The game HOL, Human Occupied Landfill, had a rule that every living thing has 20 "hit points" and damage had different thresholds which were adjusted by size and damage type. Hit a bunny with a hammer and you'll cripple it if you don't kill it outright. Hit a man with a hammer and you'll do some damage. Hit a man in powered armor with a hammer and he'll laugh at you. In theory it made a lot of sense but in practice it tended to be wonky and weird and too much math, thus no fun. But the idea really appealed to me and has stuck with me ever since I first read it.
There's a need players have to gain in strength and power as they advance their characters, and there's also a need for some level of realism that allows a suspension of disbelief. It occurred to me the other day that it would be very easy to fulfill the two by returning to the idea that everybody starts with the same amount of hit points but relative to who they are they can increase, without the need to alter anything in the rulebooks.
Every PC has 5 hit points and adds their current level. Constitution modifiers now count as double, but are only applied once.

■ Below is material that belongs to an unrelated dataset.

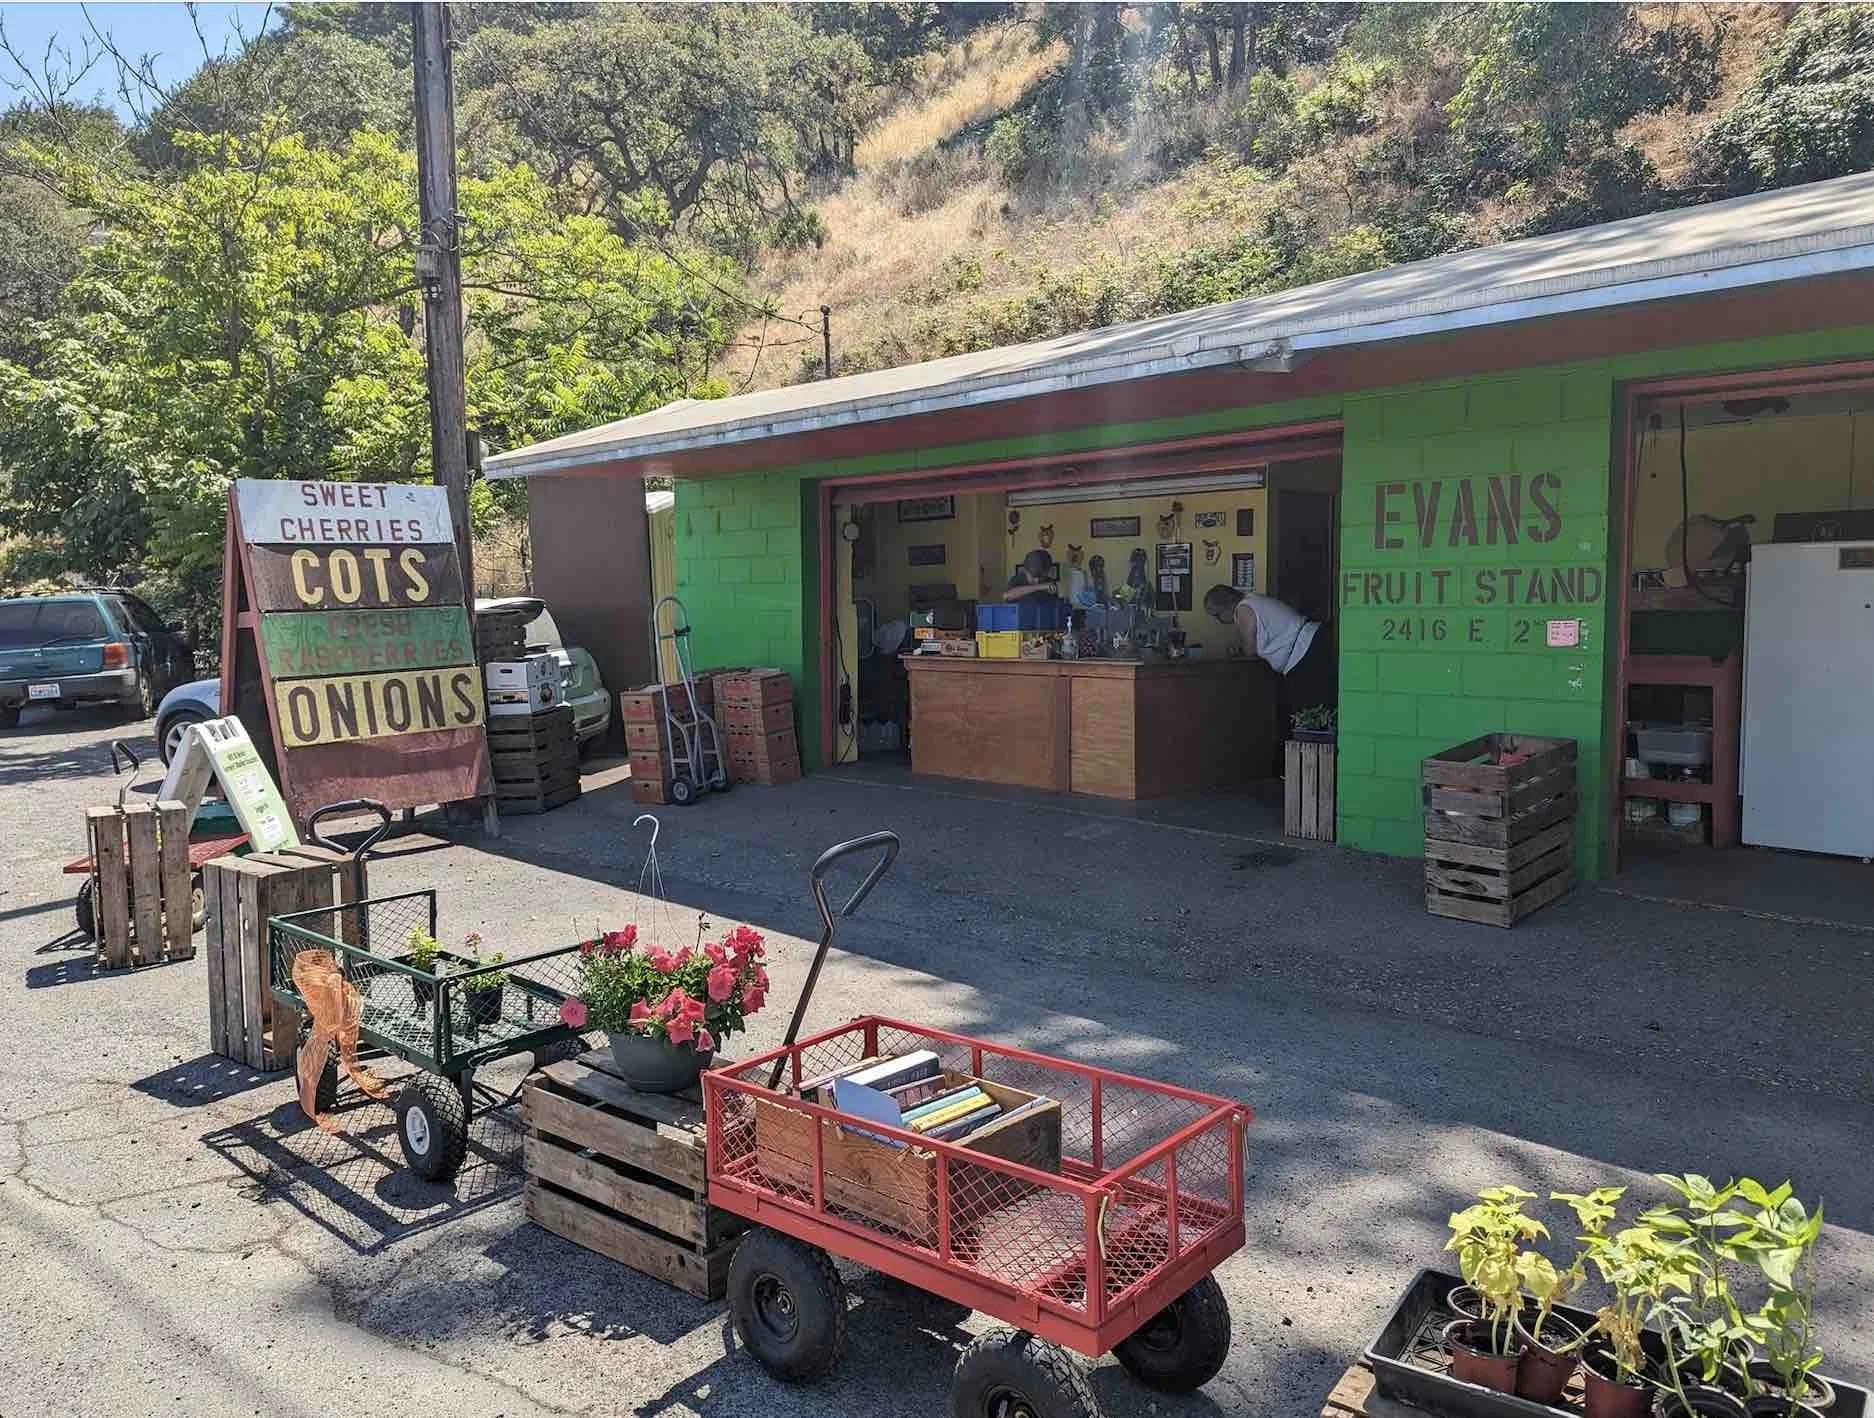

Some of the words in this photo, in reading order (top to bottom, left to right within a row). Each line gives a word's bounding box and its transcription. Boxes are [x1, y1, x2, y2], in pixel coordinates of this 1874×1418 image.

Let's look at it in practice:
1st level Wizard with CON 10 = 6 HP
1st level Fighter with CON 10 = 6 HP
1st level Wizard with CON 15 (+1) = 8 HP
1st level Fighter with CON 5 (-1) = 4 HP
Now there's a real incentive to NOT have a low Constitution starting out. But this equation does create one obvious problem: How do you compensate for monsters' hit points? All those stats with varying levels of Hit Dice? Another simple equation that can be done just by looking at HD under a monster's stat block. Monsters get 1d8 for HD, so their equation is MAXd8+level. But this creates another question: what about when a monster has a +1 or +2 next their HD number? Just add it to the total. A monster with HD 3+2 would then be 8+3+2 = 13 hit points.
How would this look?
Ogres have HD 4+1 = 13 HP
Trolls have HD 6+6 = 20 HP
Young Red Dragons have HD 13 = 21 HP
Adult Red Dragons have HD 17 = 25 HP
Armor Class becomes a much bigger factor at higher levels now. Ogres have AC 5, Trolls have AC 4, and those Dragons have AC -2 (Young) and -4 (Adult). This greatly enhances the perceptual value of seemingly "low powered" magic items as well. Having a +1 sword suddenly becomes really valuable to the PC wielding it. I haven't looked at books or tables beyond 1st or 2nd edition AD&D so I'm not sure how it work with 3rd edition books, I know some monsters are given different die type so I would have to account for that, and I think magical damage probably needs to be adjusted to compensate for the low numbers but for now I think this works pretty solidly as a simple and elegant system to build off of. Leaving it as is means that Wizards become MUCH more powerful earlier on (casting Magic Missile at 3rd level is possibly deadlyand 5th level Wizards basically become murder machines), and 5th level or higher Clerics can basically heal anybody instantly (maybe kind DMs would allow healing to "bleed" off onto multiple targets).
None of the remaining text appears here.